Slideshow: Cecil Beaton - Theatre of War
Writing to the young photographer Cecil Beaton in 1930 Anita Loos, the American author of Gentlemen Prefer Blondes, chided her young friend that he was at 'the crossways between being an artist and a dilettante'. Certainly Beaton’s interests at the time appeared tightly focused on the Bright Young Things he was gaining a reputation for photographing and the glitzy, perfumed world they inhabited. Whether or not he took Loos' criticism to heart, this new exhibition at the Imperial War Museum of Beaton’s wartime photographs shows him journeying a very different path to the one she feared.
Following the outbreak of the Second World War Beaton wrote offering his services to Ken Clark, in charge of home publicity at the Ministry of Information. Clark (in another life Director of the National Gallery) replied that Beaton’s photographs were 'most beautiful', asking if he might buy one 'representing a magnolia tree and just like a Graham Sutherland'.
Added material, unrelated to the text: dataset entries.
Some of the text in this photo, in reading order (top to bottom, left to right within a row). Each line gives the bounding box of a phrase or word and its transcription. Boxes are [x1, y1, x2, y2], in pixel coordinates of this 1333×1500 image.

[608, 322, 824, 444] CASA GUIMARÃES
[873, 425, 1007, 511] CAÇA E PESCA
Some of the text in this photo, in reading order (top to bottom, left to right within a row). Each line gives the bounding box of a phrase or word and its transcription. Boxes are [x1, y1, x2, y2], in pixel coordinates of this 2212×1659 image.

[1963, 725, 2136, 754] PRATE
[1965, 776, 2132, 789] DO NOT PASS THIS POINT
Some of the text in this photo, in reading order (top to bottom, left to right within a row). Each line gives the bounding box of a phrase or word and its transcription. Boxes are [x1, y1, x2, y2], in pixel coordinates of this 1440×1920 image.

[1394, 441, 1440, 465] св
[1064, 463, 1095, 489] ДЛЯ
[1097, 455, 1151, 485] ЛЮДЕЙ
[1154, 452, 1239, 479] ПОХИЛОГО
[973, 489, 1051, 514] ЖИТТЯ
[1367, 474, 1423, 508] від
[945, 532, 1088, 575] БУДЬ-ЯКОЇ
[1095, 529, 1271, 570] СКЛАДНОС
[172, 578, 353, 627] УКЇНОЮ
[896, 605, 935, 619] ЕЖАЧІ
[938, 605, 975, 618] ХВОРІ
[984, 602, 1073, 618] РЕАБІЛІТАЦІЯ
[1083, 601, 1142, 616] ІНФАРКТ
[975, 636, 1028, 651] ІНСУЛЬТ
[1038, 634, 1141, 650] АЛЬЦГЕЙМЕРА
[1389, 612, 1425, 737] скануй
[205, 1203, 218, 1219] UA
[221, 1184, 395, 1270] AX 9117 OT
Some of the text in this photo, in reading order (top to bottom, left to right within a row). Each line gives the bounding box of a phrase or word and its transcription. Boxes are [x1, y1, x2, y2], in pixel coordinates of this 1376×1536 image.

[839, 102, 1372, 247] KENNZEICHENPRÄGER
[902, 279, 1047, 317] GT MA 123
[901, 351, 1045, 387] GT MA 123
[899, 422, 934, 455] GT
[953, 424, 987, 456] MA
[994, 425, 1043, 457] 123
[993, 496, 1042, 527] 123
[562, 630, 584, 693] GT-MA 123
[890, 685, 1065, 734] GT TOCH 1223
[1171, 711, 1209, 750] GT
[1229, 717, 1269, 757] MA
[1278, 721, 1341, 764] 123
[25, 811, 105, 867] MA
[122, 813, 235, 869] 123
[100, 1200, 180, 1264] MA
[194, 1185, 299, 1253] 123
Beaton was subsequently commissioned by the Ministry on photographic missions in Britain, the Middle East, India, Burma and China. He also travelled to Europe, Africa and America. Though his wartime photographs aren’t totally unknown (one or two, such as Eileen Dunne in the Hospital for Sick Children, 1940, have become clichés) the exhibition reveals the scope of his dedication and effort and the huge array of work he produced, much of which has not been widely seen.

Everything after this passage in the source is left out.